■ ASSIGNMENT ■
Drop every image and restate the entries below word for word.

■ Free-text object descriptions ■

##########

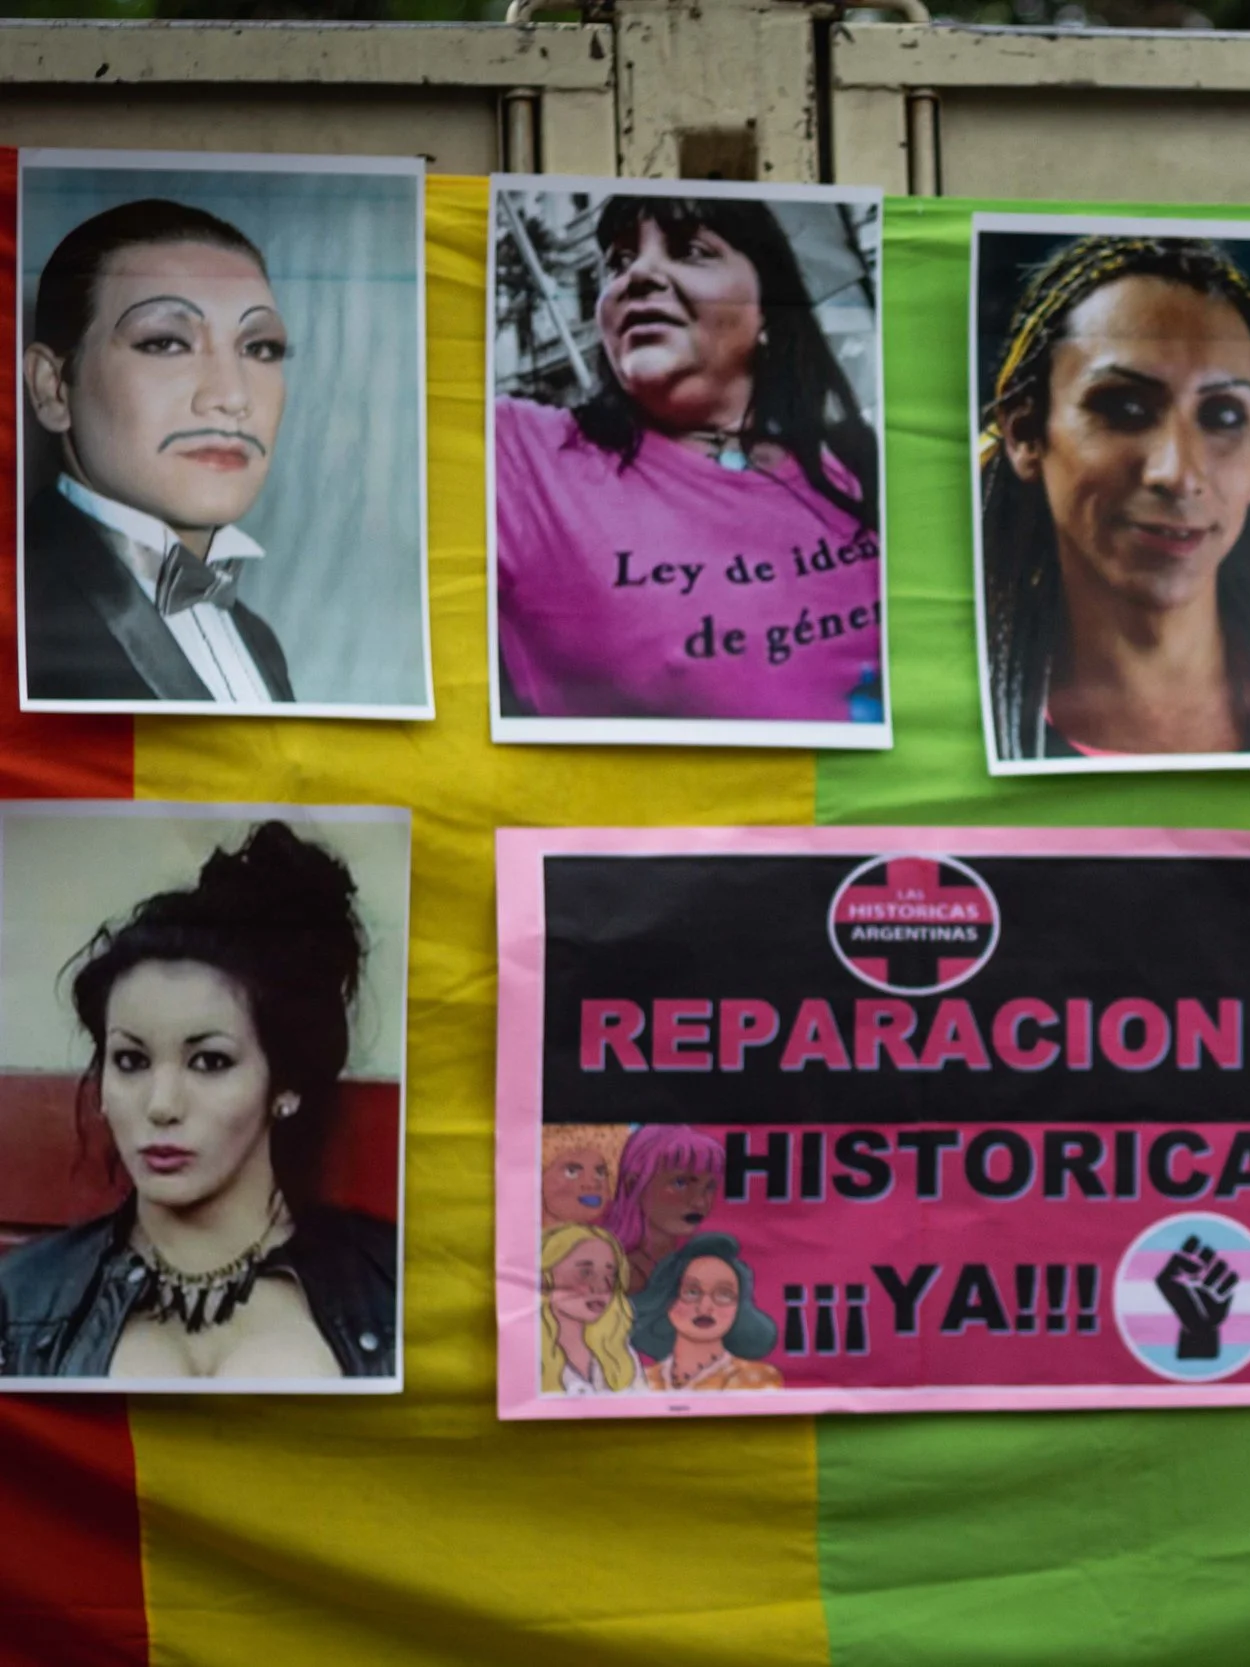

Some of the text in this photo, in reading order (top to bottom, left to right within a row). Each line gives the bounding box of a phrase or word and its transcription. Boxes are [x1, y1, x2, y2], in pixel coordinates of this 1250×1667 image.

[613, 551, 704, 594] Ley
[726, 555, 775, 583] de
[685, 616, 746, 658] de
[897, 888, 925, 901] LAS
[849, 903, 980, 919] HISTORICAS
[851, 926, 979, 941] ARGENTINAS
[579, 998, 1242, 1072] REPARACION
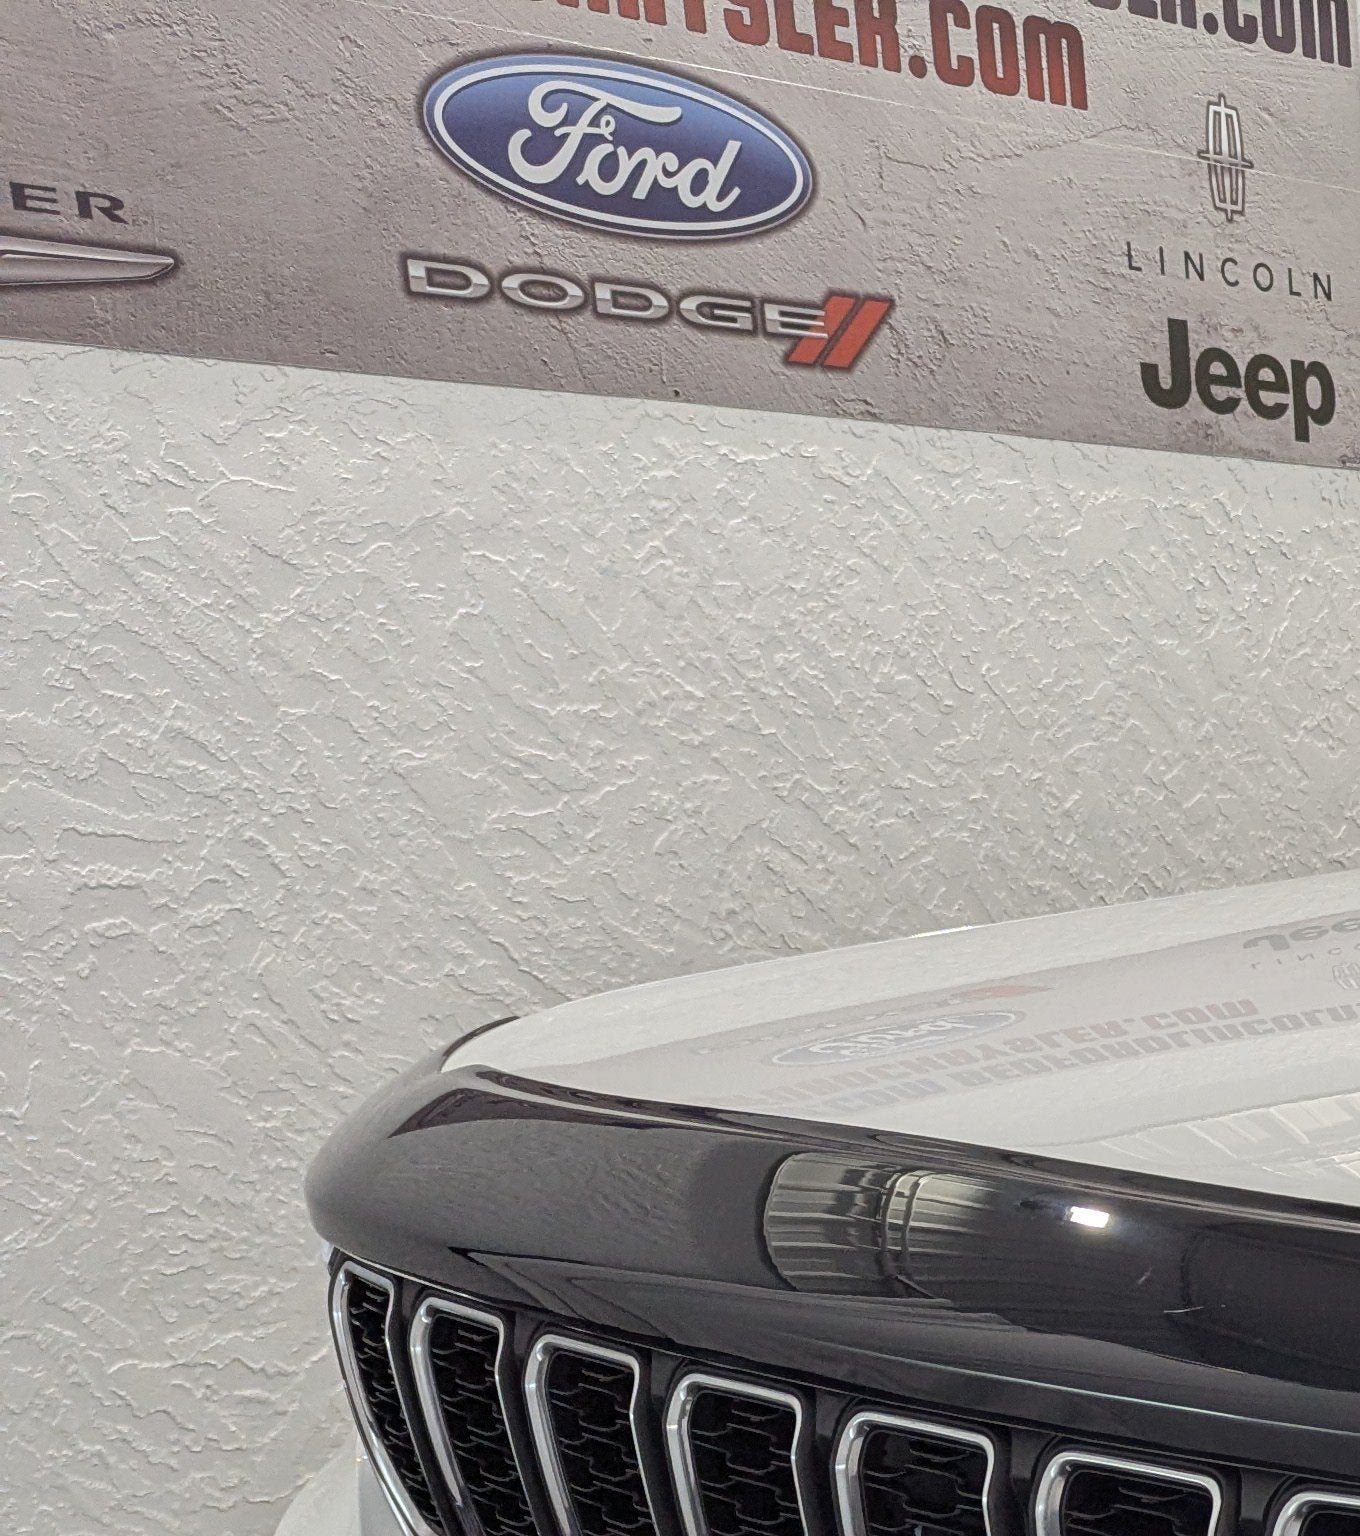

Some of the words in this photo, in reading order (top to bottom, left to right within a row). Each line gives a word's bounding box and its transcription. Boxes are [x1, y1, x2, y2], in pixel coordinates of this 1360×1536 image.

[507, 80, 742, 213] Ford
[407, 259, 829, 339] DODGE
[1126, 241, 1333, 302] LINCOLN
[1139, 317, 1336, 443] Jeep

##########

■ TASK RESULT ■
Some of the text in this photo, in reading order (top to bottom, left to right within a row). Each line gives the bounding box of a phrase or word and its transcription. Boxes are [x1, y1, x2, y2], in pixel coordinates of this 1250×1667 image.

[613, 551, 704, 594] Ley
[726, 555, 775, 583] de
[685, 616, 746, 658] de
[897, 888, 925, 901] LAS
[849, 903, 980, 919] HISTORICAS
[851, 926, 979, 941] ARGENTINAS
[579, 998, 1242, 1072] REPARACION

Some of the words in this photo, in reading order (top to bottom, left to right within a row). Each line gives a word's bounding box and its transcription. Boxes are [x1, y1, x2, y2], in pixel coordinates of this 1360×1536 image.

[507, 80, 742, 213] Ford
[407, 259, 829, 339] DODGE
[1126, 241, 1333, 302] LINCOLN
[1139, 317, 1336, 443] Jeep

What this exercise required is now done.